By: Iain Lewis, VP Growth & Sales
Most pricing software projects don’t fail because of the software itself.
Think about what a typical buying cycle actually looks like. Companies spend six to twelve months in evaluation mode: attending demos, grilling vendors on functionality, speaking with references, running proofs of concept. By the time a contract is signed, the buyer usually has an intimate understanding of the platform they’ve chosen. And honestly, for good reason. Pricing platforms are a meaningful investment, and getting the decision wrong is painful.
But here’s the thing. Across most enterprise pricing platforms, the core capabilities are broadly similar. The features exist. The algorithms work. What actually separates the winning vendor from the runners-up is almost never a specific function buried three levels deep in the UI. It’s something harder to quantify: the depth of understanding the vendor has demonstrated about your business, your challenges, and what success actually looks like for you.

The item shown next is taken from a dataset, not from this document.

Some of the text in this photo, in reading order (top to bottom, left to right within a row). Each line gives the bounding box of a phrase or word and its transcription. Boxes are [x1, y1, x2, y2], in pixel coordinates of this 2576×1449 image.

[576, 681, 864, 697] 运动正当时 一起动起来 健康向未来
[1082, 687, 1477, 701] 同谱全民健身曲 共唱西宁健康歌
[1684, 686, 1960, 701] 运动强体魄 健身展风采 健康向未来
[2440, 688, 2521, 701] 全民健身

The Six-to-Twelve Month Relationship That Disappears After the Signature
During a successful sales process, the vendor invests serious time getting to know your business: the shape of your pricing operation, what’s broken, what’s driving the initiative, and what success actually looks like internally. That accumulated knowledge is hard-won, and it’s genuinely valuable.
It is also, far too often, lost the moment the contract is signed. In many cases, the vendor who sold you the solution hands delivery to an external organisation altogether. Not a different internal team. A different company. The people who understood your business move on. And when challenges arise (as they inevitably do), the focus shifts from how to solve the problem to who is responsible for it. The customer is left managing the relationship between two companies simply to get the solution working.

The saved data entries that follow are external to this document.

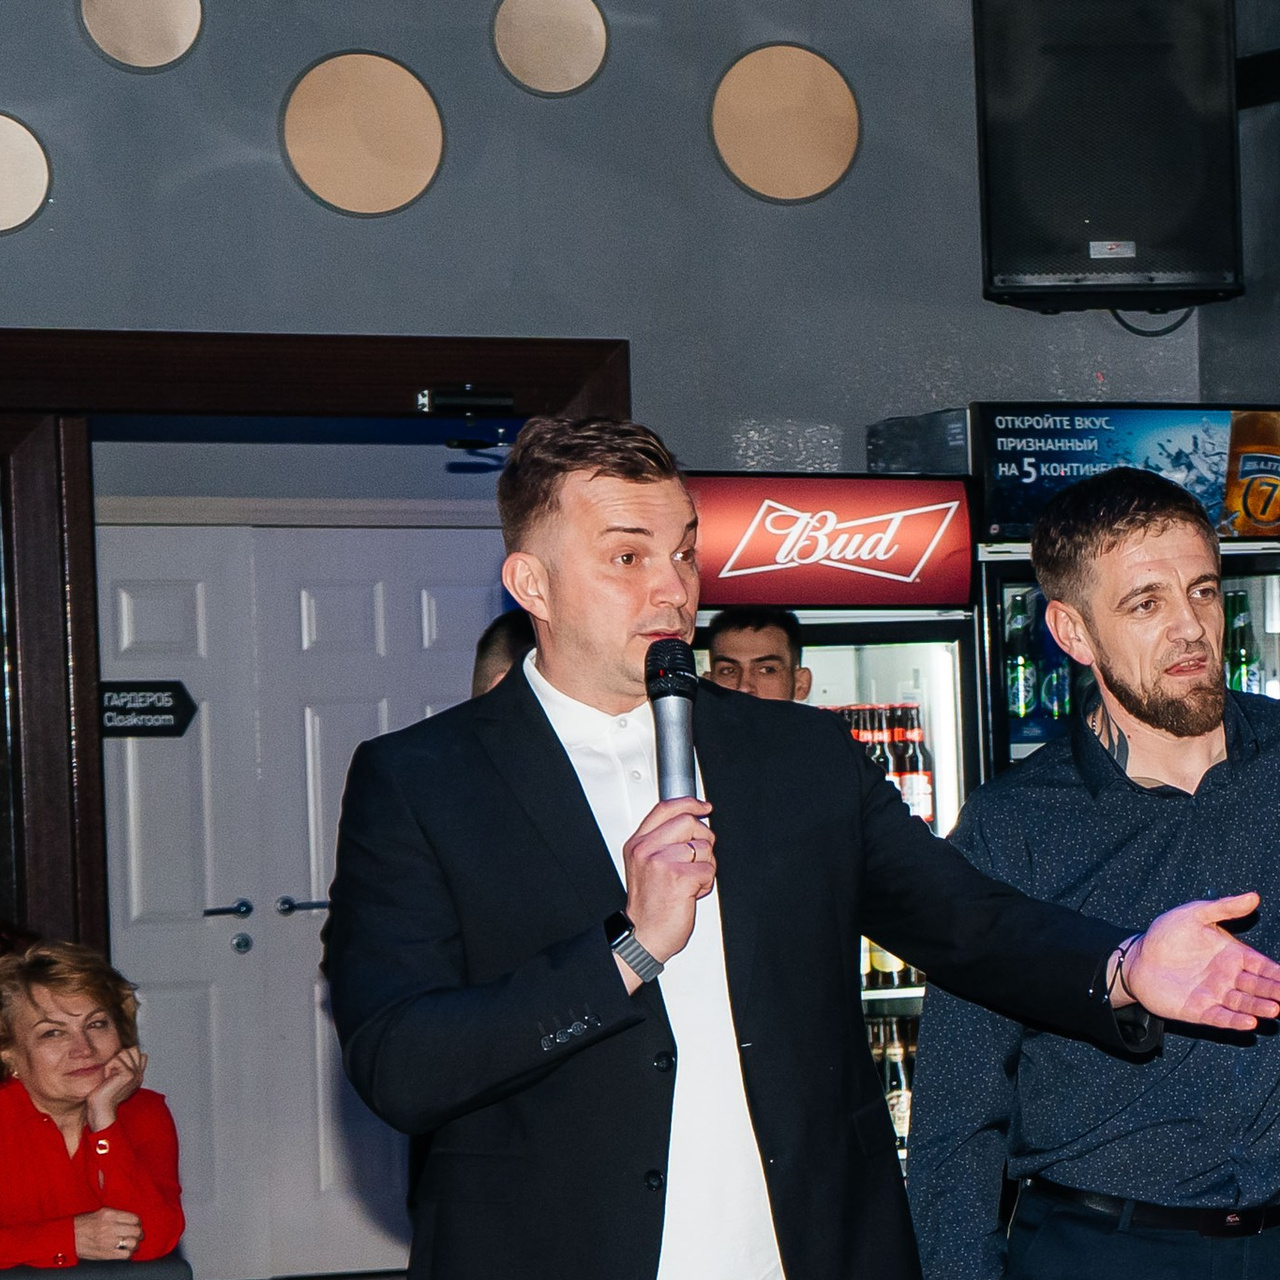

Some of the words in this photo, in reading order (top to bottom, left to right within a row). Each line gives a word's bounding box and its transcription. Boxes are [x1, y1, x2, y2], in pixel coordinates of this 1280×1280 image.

[995, 414, 1071, 429] ОТКРОЙТЕ
[997, 436, 1098, 451] ПРИЗНАННЫЙ
[998, 463, 1019, 476] НА
[1022, 457, 1037, 483] 5
[1259, 481, 1279, 516] 7
[764, 510, 899, 564] Bud
[104, 692, 173, 708] ГАРДЕРОБ
[104, 712, 174, 726] Cloakroom

The Hand-Off Model That the Industry Normalised
Most pricing software vendors still follow the same basic delivery structure: sales wins the deal, an external team delivers the implementation, and then customer success manages the relationship afterwards. It’s a familiar pattern, and it exists not because it’s optimal for customers, but because it’s the model the software industry settled into over decades.

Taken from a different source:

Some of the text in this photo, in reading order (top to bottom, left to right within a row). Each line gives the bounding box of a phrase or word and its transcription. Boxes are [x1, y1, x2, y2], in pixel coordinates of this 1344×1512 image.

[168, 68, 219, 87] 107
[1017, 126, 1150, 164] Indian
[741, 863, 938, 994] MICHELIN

Each hand-off in that chain creates risk. Not dramatic, obvious risk. The kind that quietly erodes momentum and dilutes outcomes over time.
Momentum disappears. The urgency that drove the buying process often dissipates the moment responsibility changes hands. Projects start moving at the pace of internal processes rather than business priorities. Time-to-value stretches. What felt like a six-month implementation starts looking like twelve.
Incentives stop aligning. Implementation teams are often measured on project milestones: tasks completed, phases signed off, go-live dates hit. Those aren’t the same thing as business outcomes. A project can be declared a success by the vendor while the customer is still waiting to see the results that justified the investment.
The Project That’s Finished Before the Value Is Delivered
There’s a specific pattern worth calling out, because it’s frustratingly common.
The implementation reaches its defined end state. Internally, the project is marked complete. Everyone moves on. But the customer is still in the process of realising the outcomes that justified the investment: still building user adoption, still tuning pricing logic, still waiting for the commercial results that were the whole point.
At that moment, the team with the deepest knowledge of the project is no longer accountable for what happens next. Whoever picks up the relationship inherits a contract, not a mission.
What a Better Model Looks Like
The principle is straightforward, even if the execution requires genuine organisational commitment: reduce hand-offs wherever possible.
The person or team responsible for delivering value in the implementation phase should also be responsible for the long-term success of the customer relationship. This isn’t just about continuity for its own sake. It preserves institutional knowledge, creates genuine accountability, and aligns incentives around outcomes rather than milestones.
When the same team that learns your business during onboarding is still working with you twelve months later, the dynamic changes. They have skin in the game. They care whether the pricing strategy is actually working, not just whether the project was delivered on time. That’s the model Quicklizard’s delivery is built around.
When you are evaluating pricing software, it is worth spending as much time understanding the implementation model as you do evaluating the software itself. The questions you ask before signing the contract will determine a lot about the experience that follows.
How Quicklizard Does It Differently
Do you use third-party partners to deliver implementations?
No. Quicklizard delivers all implementations directly. You have one accountable partner throughout the entire relationship, which means no finger-pointing, no communication layers, and no surprises about who is actually running your project.
Does ownership transfer to a different team after implementation?
No. At Quicklizard, your customer success team is involved throughout the process, not handed the relationship once implementation is complete. The context, the knowledge, and the accountability stay in one place from beginning to end.
How is your implementation measured?
On outcomes, not on closing tickets. A go-live date is a milestone, not a finish line. We consider an implementation successful when your pricing is performing and your team is confident, not when a project plan says it’s done.